Biography

My research and teaching address early modern Italian art, global early modernisms, and community and socially-engaged art historical practices.

I hold a BA in Humanities and Art from the University of New Hampshire (2001); an MA (2003) and a PhD in Art History from Rutgers University (2009). I have taught in the Department of Art History and Art at Case Western Reserve University since 2012. I was recently named an inaugural Distinguished Scholar in Public Humanities by Case Western Reserve University; read more here.

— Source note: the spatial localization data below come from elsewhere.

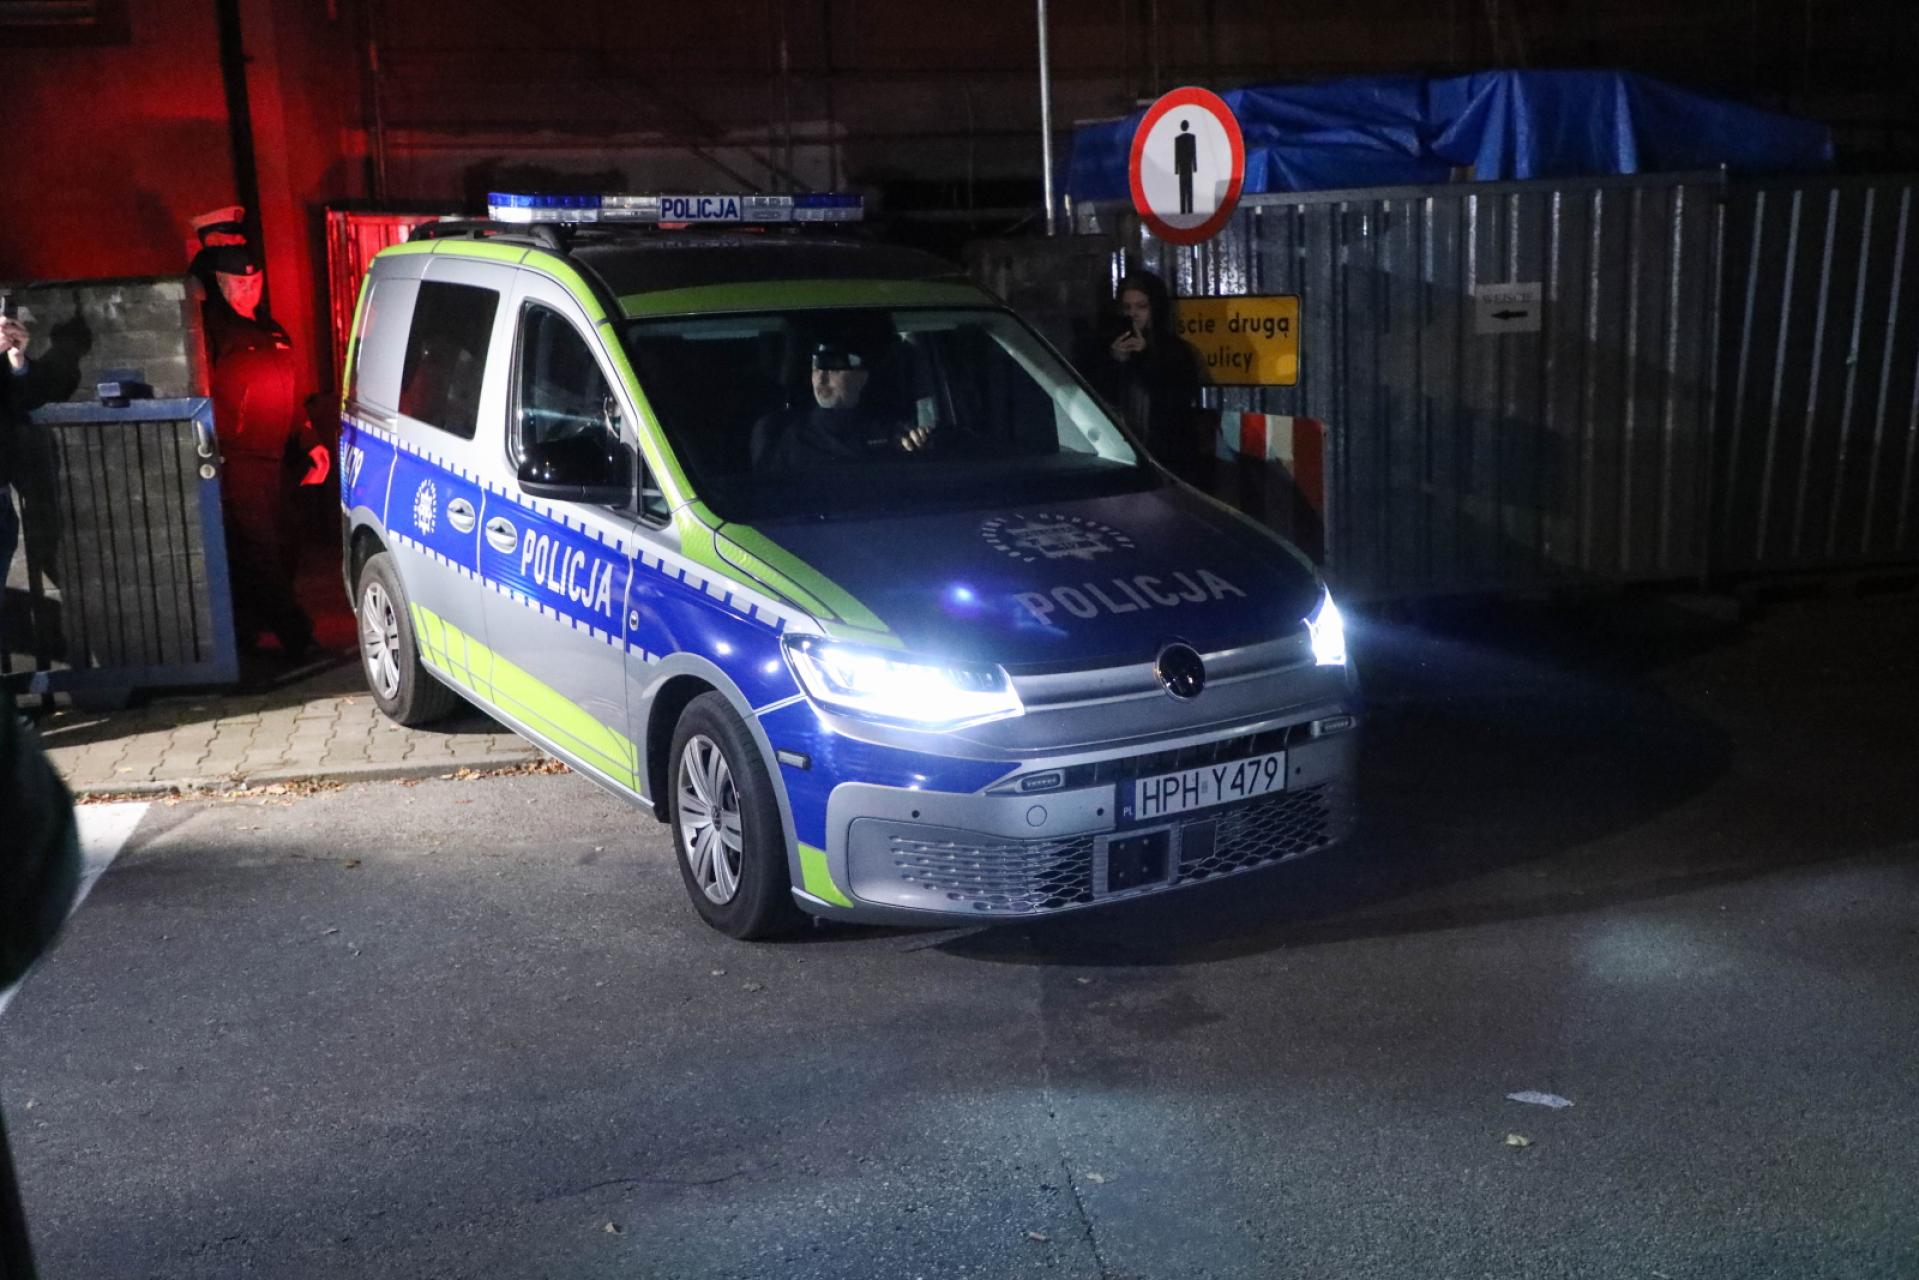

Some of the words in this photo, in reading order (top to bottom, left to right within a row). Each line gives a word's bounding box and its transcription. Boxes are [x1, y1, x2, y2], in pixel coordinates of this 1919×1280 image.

[661, 198, 738, 218] POLICJA
[1228, 312, 1290, 339] drugą
[1207, 345, 1254, 374] ulicy
[521, 528, 614, 617] POLICJA
[1013, 569, 1248, 626] POLICJA
[1142, 771, 1199, 817] HPH
[1212, 756, 1278, 801] Y479
[1123, 806, 1134, 817] PL

My most recent book, Italy by Way of India: Translating Art and Devotion in the Early Modern World (Brepols | Harvey Miller, 2021) considers how cultural production between India and Italy shaped both European perceptions of India and the development of an Indian Christian art during the sixteenth and seventeenth centuries. In so doing, it defies Eurocentric histories of the ‘Renaissance’ and of global circulation. I have written two other books: Exporting Caravaggio: the Crucifixion of Saint Andrew (Giles, 2017) uses a single painting by Caravaggio as a point of departure to discuss how the mobility of objects and the history of collecting shape the interpretation of canonical works of art. Faith, Gender, and the Senses in Italian Renaissance and Baroque Art: Interpreting the Noli me tangere and Doubting Thomas (co-authored with Lisa M. Rafanelli, Ashgate, 2015) considers how representations of these two popular Renaissance subjects together engaged with contemporary theories of the senses and definitions of gender. I have also published essays in Art JournalSixteenth Century Journal, Journal of Urban Cultural Studies, Open Arts JournalArte Veneta and in Art, Mobility, and Exchange (Routledge, 2020) and Caravaggio: Reflections and Refractions (Ashgate 2014), and the forthcoming Routledge Companion to Publicly Engaged Scholarship (expected 2024). Together with my students, I am the founder of Baroque Without Boundaries, a digital mapping intervention that challenges the parameters of the early modern canon.

My community-engaged Art Historical practice now focuses on two major projects: Pressing Matters and collaborative work with LAND Studio on The City is Our Museum, an app that curates the public art in Cleveland.  Both work with non-profit organizations in Cleveland in order to foster collaborative opportunities between CWRU students and community organizations, and to put art history into practice for the greater good.  To read more about these initiatives, click here

Prior to joining the faculty at CWRU in 2012, I taught at the State University of New York, Oswego and at Marlboro College in Vermont. I was a curatorial assistant at the Currier Museum of Art in Manchester, New Hampshire, the Zimmerli Museum at Rutgers University, and at the Morgan Library in New York. I have been the recipient of a number of awards and grants, including fellowships from the National Endowment for the Humanities, and the American Institute of Indian Studies, and the Samuel H. Kress grant in Renaissance Art History.